THE TASK:
Please repeat the listing below exactly, but do not include its pictures.

* * * * *

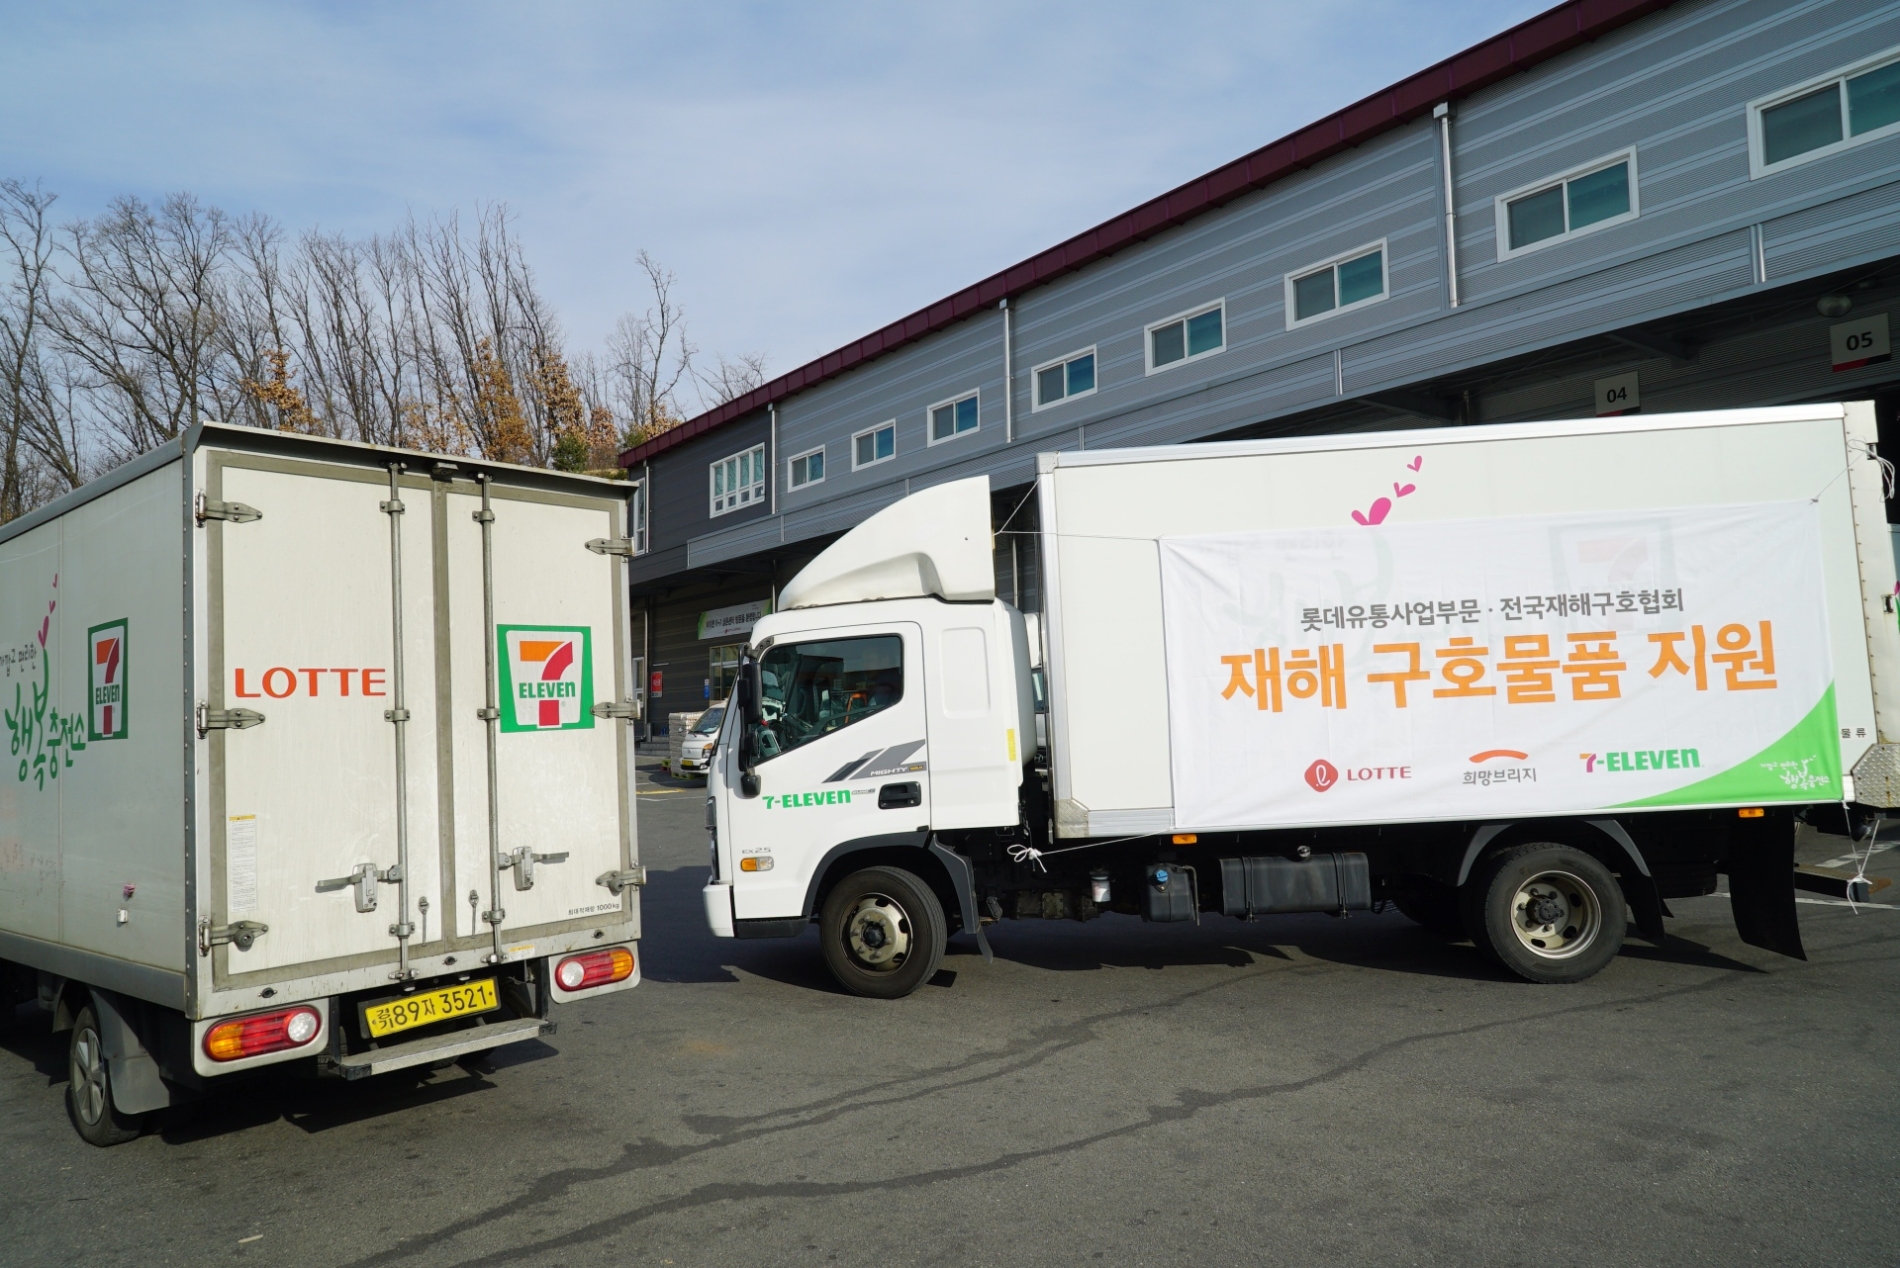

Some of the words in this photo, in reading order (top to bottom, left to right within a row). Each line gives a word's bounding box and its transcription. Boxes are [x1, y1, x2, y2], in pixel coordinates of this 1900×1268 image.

[1846, 331, 1874, 351] 05
[1606, 386, 1628, 403] 04
[1301, 599, 1481, 632] 롯데유통사업부문
[1500, 588, 1684, 621] 전국재해구호협회
[1221, 643, 1347, 713] 재해
[1367, 631, 1627, 708] 구호물품
[1647, 620, 1778, 691] 지원
[234, 667, 386, 699] LOTTE
[4, 649, 87, 792] 행복충전소
[870, 766, 907, 776] MIGHTY
[1347, 766, 1412, 781] LOTTE
[1463, 768, 1537, 787] 희망브리지
[596, 903, 620, 911] 1000kg
[439, 985, 487, 1014] 3521

* * * * *

ANSWER FOR THE TASK:
Some of the words in this photo, in reading order (top to bottom, left to right within a row). Each line gives a word's bounding box and its transcription. Boxes are [x1, y1, x2, y2], in pixel coordinates of this 1900×1268 image.

[1846, 331, 1874, 351] 05
[1606, 386, 1628, 403] 04
[1301, 599, 1481, 632] 롯데유통사업부문
[1500, 588, 1684, 621] 전국재해구호협회
[1221, 643, 1347, 713] 재해
[1367, 631, 1627, 708] 구호물품
[1647, 620, 1778, 691] 지원
[234, 667, 386, 699] LOTTE
[4, 649, 87, 792] 행복충전소
[870, 766, 907, 776] MIGHTY
[1347, 766, 1412, 781] LOTTE
[1463, 768, 1537, 787] 희망브리지
[596, 903, 620, 911] 1000kg
[439, 985, 487, 1014] 3521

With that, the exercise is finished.